# compiler et faire tourner du fortran dans smultron



## numsix (5 Février 2009)

Bonjour à tous, 

Je fais appel à votre grande connaissance pour quelque chose qui m'echappe...

1. J'ai installé gfortran qui est dans le dossier /usr/local/bin/
2. J'ai installé l'excellent éditeur de texte smultron

je vois que dans smultron on peut faire appel à des lignes de commandes via le menu "tools".

Je voudrais donc faire deux raccourci. un qui compile le fichier program.f (gfortran program.f) et un autre qui le fait tourner (./a.out). 

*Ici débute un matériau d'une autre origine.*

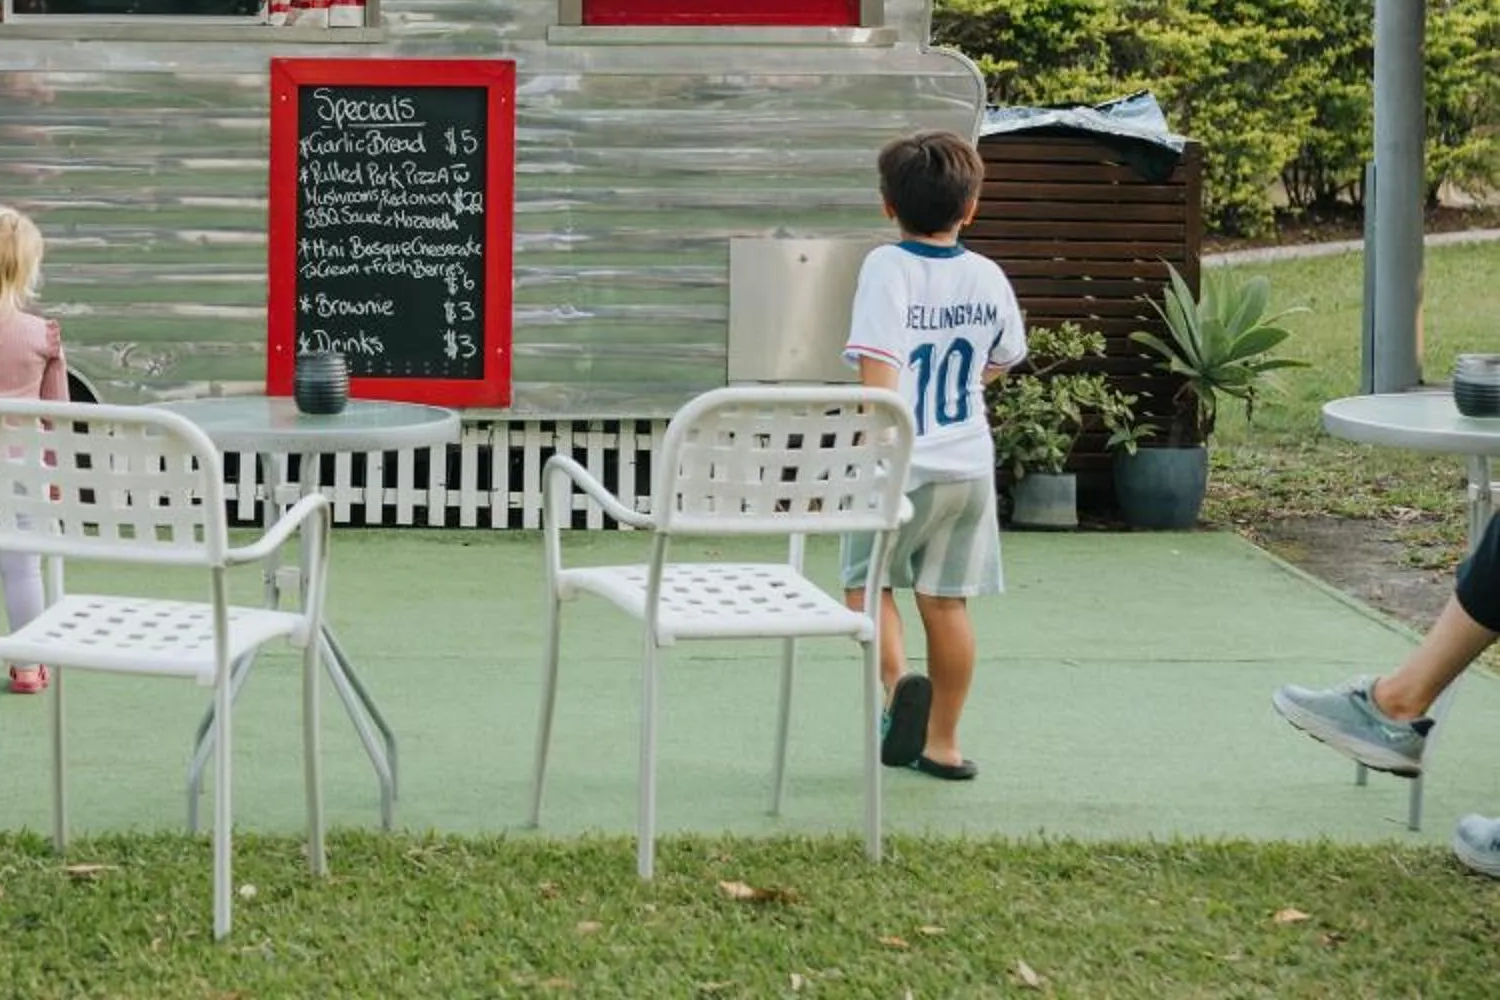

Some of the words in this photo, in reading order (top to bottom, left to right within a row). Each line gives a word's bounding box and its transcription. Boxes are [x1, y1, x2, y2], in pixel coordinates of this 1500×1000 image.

Savbez vous s'il y a moyen de faire ca dans smultron ? Mais, surtout, si vous savez, pouvez vous me dire comment ?

Merci d'avance


----------



## numsix (6 Février 2009)

Bon, J'ai trouvé. J'écris la soluce au cas où ca intéresserait quelqu'un

1. Ouvrir smultron
2. Aller dans Tools > Handle Commands > Show Command window
3. Une nouvelle fenêtre s'est ouverte. Clicker sur "New Collection", et apres sur "New command" que vous nommerez "Compile"
4. Ecrire le code ci dessous dans la partie dedièe


```
#!/bin/sh
cd %%d 
/usr/local/bin/gfortran %%p
```

5. Reclicker sur "New command" et nommez la nouvelle commande "Run"
6.Ecrire le code suivant dans la partie dedièe



```
#!/bin/sh
cd %%d 
./a.out
rm a.out
```

Et voilàaaaa


----------